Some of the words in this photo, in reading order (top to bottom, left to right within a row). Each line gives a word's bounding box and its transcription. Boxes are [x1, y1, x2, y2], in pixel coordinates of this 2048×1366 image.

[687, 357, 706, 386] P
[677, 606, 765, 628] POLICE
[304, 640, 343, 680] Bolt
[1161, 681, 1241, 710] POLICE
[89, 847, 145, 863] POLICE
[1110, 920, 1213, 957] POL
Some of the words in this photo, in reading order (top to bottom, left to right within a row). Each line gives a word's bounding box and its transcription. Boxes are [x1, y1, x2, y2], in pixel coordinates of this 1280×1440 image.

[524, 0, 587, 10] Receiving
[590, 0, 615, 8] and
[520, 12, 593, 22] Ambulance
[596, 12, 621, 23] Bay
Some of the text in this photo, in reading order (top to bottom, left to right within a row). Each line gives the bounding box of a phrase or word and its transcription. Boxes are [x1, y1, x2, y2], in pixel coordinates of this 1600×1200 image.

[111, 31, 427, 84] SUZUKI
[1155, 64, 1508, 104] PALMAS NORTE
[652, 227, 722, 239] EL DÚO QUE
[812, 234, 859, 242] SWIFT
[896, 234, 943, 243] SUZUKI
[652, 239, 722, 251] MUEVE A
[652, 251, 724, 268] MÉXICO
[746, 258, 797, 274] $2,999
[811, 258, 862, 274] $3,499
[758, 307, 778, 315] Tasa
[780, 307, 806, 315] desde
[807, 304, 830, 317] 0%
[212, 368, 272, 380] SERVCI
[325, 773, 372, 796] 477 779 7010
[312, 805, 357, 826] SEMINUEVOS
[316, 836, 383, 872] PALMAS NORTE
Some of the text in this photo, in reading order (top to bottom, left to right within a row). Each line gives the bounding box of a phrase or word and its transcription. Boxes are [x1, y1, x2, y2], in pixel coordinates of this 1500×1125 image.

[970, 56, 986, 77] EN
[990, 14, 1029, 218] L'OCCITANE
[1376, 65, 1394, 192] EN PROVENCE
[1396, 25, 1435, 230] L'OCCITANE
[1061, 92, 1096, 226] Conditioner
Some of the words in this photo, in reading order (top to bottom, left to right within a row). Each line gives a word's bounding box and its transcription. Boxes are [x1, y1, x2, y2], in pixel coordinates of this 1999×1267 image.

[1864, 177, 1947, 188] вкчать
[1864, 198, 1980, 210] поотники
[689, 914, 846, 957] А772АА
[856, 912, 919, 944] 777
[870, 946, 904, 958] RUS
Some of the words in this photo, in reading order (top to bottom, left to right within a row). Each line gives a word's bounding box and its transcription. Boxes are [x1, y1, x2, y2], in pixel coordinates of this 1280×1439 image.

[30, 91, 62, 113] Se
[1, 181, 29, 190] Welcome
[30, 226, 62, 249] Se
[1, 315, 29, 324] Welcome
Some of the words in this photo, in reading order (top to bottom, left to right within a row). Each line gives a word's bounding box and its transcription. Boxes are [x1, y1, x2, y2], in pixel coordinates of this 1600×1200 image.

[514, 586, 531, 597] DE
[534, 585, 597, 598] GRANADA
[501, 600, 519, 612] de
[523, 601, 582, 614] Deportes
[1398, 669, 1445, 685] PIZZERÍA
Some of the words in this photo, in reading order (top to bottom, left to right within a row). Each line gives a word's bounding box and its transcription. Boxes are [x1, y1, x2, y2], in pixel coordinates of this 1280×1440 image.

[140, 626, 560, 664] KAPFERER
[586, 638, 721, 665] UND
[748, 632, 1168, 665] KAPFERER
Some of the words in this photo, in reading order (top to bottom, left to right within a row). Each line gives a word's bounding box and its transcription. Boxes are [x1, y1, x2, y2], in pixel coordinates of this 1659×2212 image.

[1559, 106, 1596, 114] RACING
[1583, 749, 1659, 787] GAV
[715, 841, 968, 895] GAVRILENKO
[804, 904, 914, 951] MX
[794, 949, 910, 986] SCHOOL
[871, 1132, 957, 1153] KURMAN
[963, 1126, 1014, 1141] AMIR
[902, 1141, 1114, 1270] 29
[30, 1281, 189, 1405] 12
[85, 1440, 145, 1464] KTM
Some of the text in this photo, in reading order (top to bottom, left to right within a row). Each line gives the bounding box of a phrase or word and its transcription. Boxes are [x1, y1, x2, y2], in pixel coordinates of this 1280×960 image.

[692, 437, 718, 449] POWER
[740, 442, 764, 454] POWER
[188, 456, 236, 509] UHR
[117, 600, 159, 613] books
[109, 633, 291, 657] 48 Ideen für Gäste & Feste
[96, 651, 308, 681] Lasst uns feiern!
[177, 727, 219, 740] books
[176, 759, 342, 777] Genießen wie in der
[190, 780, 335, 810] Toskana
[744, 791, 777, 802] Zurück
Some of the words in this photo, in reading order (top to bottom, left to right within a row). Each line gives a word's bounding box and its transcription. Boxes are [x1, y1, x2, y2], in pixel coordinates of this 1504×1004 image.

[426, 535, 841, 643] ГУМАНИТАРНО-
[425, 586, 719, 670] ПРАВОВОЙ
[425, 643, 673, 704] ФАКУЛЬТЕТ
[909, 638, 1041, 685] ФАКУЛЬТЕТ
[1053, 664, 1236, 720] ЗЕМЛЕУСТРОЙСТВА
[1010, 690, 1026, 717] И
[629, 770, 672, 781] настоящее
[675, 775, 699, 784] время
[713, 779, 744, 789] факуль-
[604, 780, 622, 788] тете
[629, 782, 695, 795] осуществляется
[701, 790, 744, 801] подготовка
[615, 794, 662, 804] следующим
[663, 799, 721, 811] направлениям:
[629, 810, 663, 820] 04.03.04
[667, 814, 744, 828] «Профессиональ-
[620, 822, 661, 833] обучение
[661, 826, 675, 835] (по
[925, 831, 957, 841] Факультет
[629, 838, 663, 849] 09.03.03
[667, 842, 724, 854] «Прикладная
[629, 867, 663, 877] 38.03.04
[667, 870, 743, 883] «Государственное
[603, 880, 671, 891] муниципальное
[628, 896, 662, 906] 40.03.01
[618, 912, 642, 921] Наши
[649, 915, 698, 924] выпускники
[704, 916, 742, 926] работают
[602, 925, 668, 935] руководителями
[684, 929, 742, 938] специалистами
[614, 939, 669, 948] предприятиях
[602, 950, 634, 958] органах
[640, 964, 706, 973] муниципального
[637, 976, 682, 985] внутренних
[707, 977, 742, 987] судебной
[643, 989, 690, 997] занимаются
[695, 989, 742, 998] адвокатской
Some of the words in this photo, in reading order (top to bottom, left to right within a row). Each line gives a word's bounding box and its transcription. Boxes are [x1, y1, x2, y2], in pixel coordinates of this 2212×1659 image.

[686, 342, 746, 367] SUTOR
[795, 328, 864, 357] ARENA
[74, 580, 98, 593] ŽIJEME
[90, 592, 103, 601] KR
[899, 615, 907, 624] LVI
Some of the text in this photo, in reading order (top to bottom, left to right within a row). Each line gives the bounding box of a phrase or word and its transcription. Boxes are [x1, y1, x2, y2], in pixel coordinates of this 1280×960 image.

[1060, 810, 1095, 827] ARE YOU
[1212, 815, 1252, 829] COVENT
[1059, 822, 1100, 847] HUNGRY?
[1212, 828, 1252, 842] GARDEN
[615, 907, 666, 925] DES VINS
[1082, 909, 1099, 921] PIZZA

• _Assigned task_:
Each entry should be retyped exactly as given.

• _Task result_:
Some of the words in this photo, in reading order (top to bottom, left to right within a row). Each line gives a word's bounding box and its transcription. Boxes are [x1, y1, x2, y2], in pixel coordinates of this 2048×1366 image.

[687, 357, 706, 386] P
[677, 606, 765, 628] POLICE
[304, 640, 343, 680] Bolt
[1161, 681, 1241, 710] POLICE
[89, 847, 145, 863] POLICE
[1110, 920, 1213, 957] POL
Some of the words in this photo, in reading order (top to bottom, left to right within a row). Each line gives a word's bounding box and its transcription. Boxes are [x1, y1, x2, y2], in pixel coordinates of this 1280×1440 image.

[524, 0, 587, 10] Receiving
[590, 0, 615, 8] and
[520, 12, 593, 22] Ambulance
[596, 12, 621, 23] Bay
Some of the text in this photo, in reading order (top to bottom, left to right within a row). Each line gives the bounding box of a phrase or word and its transcription. Boxes are [x1, y1, x2, y2], in pixel coordinates of this 1600×1200 image.

[111, 31, 427, 84] SUZUKI
[1155, 64, 1508, 104] PALMAS NORTE
[652, 227, 722, 239] EL DÚO QUE
[812, 234, 859, 242] SWIFT
[896, 234, 943, 243] SUZUKI
[652, 239, 722, 251] MUEVE A
[652, 251, 724, 268] MÉXICO
[746, 258, 797, 274] $2,999
[811, 258, 862, 274] $3,499
[758, 307, 778, 315] Tasa
[780, 307, 806, 315] desde
[807, 304, 830, 317] 0%
[212, 368, 272, 380] SERVCI
[325, 773, 372, 796] 477 779 7010
[312, 805, 357, 826] SEMINUEVOS
[316, 836, 383, 872] PALMAS NORTE
Some of the text in this photo, in reading order (top to bottom, left to right within a row). Each line gives the bounding box of a phrase or word and its transcription. Boxes are [x1, y1, x2, y2], in pixel coordinates of this 1500×1125 image.

[970, 56, 986, 77] EN
[990, 14, 1029, 218] L'OCCITANE
[1376, 65, 1394, 192] EN PROVENCE
[1396, 25, 1435, 230] L'OCCITANE
[1061, 92, 1096, 226] Conditioner
Some of the words in this photo, in reading order (top to bottom, left to right within a row). Each line gives a word's bounding box and its transcription. Boxes are [x1, y1, x2, y2], in pixel coordinates of this 1999×1267 image.

[1864, 177, 1947, 188] вкчать
[1864, 198, 1980, 210] поотники
[689, 914, 846, 957] А772АА
[856, 912, 919, 944] 777
[870, 946, 904, 958] RUS
Some of the words in this photo, in reading order (top to bottom, left to right within a row). Each line gives a word's bounding box and its transcription. Boxes are [x1, y1, x2, y2], in pixel coordinates of this 1280×1439 image.

[30, 91, 62, 113] Se
[1, 181, 29, 190] Welcome
[30, 226, 62, 249] Se
[1, 315, 29, 324] Welcome
Some of the words in this photo, in reading order (top to bottom, left to right within a row). Each line gives a word's bounding box and its transcription. Boxes are [x1, y1, x2, y2], in pixel coordinates of this 1600×1200 image.

[514, 586, 531, 597] DE
[534, 585, 597, 598] GRANADA
[501, 600, 519, 612] de
[523, 601, 582, 614] Deportes
[1398, 669, 1445, 685] PIZZERÍA
Some of the words in this photo, in reading order (top to bottom, left to right within a row). Each line gives a word's bounding box and its transcription. Boxes are [x1, y1, x2, y2], in pixel coordinates of this 1280×1440 image.

[140, 626, 560, 664] KAPFERER
[586, 638, 721, 665] UND
[748, 632, 1168, 665] KAPFERER
Some of the words in this photo, in reading order (top to bottom, left to right within a row). Each line gives a word's bounding box and its transcription. Boxes are [x1, y1, x2, y2], in pixel coordinates of this 1659×2212 image.

[1559, 106, 1596, 114] RACING
[1583, 749, 1659, 787] GAV
[715, 841, 968, 895] GAVRILENKO
[804, 904, 914, 951] MX
[794, 949, 910, 986] SCHOOL
[871, 1132, 957, 1153] KURMAN
[963, 1126, 1014, 1141] AMIR
[902, 1141, 1114, 1270] 29
[30, 1281, 189, 1405] 12
[85, 1440, 145, 1464] KTM
Some of the text in this photo, in reading order (top to bottom, left to right within a row). Each line gives the bounding box of a phrase or word and its transcription. Boxes are [x1, y1, x2, y2], in pixel coordinates of this 1280×960 image.

[692, 437, 718, 449] POWER
[740, 442, 764, 454] POWER
[188, 456, 236, 509] UHR
[117, 600, 159, 613] books
[109, 633, 291, 657] 48 Ideen für Gäste & Feste
[96, 651, 308, 681] Lasst uns feiern!
[177, 727, 219, 740] books
[176, 759, 342, 777] Genießen wie in der
[190, 780, 335, 810] Toskana
[744, 791, 777, 802] Zurück
Some of the words in this photo, in reading order (top to bottom, left to right within a row). Each line gives a word's bounding box and its transcription. Boxes are [x1, y1, x2, y2], in pixel coordinates of this 1504×1004 image.

[426, 535, 841, 643] ГУМАНИТАРНО-
[425, 586, 719, 670] ПРАВОВОЙ
[425, 643, 673, 704] ФАКУЛЬТЕТ
[909, 638, 1041, 685] ФАКУЛЬТЕТ
[1053, 664, 1236, 720] ЗЕМЛЕУСТРОЙСТВА
[1010, 690, 1026, 717] И
[629, 770, 672, 781] настоящее
[675, 775, 699, 784] время
[713, 779, 744, 789] факуль-
[604, 780, 622, 788] тете
[629, 782, 695, 795] осуществляется
[701, 790, 744, 801] подготовка
[615, 794, 662, 804] следующим
[663, 799, 721, 811] направлениям:
[629, 810, 663, 820] 04.03.04
[667, 814, 744, 828] «Профессиональ-
[620, 822, 661, 833] обучение
[661, 826, 675, 835] (по
[925, 831, 957, 841] Факультет
[629, 838, 663, 849] 09.03.03
[667, 842, 724, 854] «Прикладная
[629, 867, 663, 877] 38.03.04
[667, 870, 743, 883] «Государственное
[603, 880, 671, 891] муниципальное
[628, 896, 662, 906] 40.03.01
[618, 912, 642, 921] Наши
[649, 915, 698, 924] выпускники
[704, 916, 742, 926] работают
[602, 925, 668, 935] руководителями
[684, 929, 742, 938] специалистами
[614, 939, 669, 948] предприятиях
[602, 950, 634, 958] органах
[640, 964, 706, 973] муниципального
[637, 976, 682, 985] внутренних
[707, 977, 742, 987] судебной
[643, 989, 690, 997] занимаются
[695, 989, 742, 998] адвокатской
Some of the words in this photo, in reading order (top to bottom, left to right within a row). Each line gives a word's bounding box and its transcription. Boxes are [x1, y1, x2, y2], in pixel coordinates of this 2212×1659 image.

[686, 342, 746, 367] SUTOR
[795, 328, 864, 357] ARENA
[74, 580, 98, 593] ŽIJEME
[90, 592, 103, 601] KR
[899, 615, 907, 624] LVI
Some of the text in this photo, in reading order (top to bottom, left to right within a row). Each line gives the bounding box of a phrase or word and its transcription. Boxes are [x1, y1, x2, y2], in pixel coordinates of this 1280×960 image.

[1060, 810, 1095, 827] ARE YOU
[1212, 815, 1252, 829] COVENT
[1059, 822, 1100, 847] HUNGRY?
[1212, 828, 1252, 842] GARDEN
[615, 907, 666, 925] DES VINS
[1082, 909, 1099, 921] PIZZA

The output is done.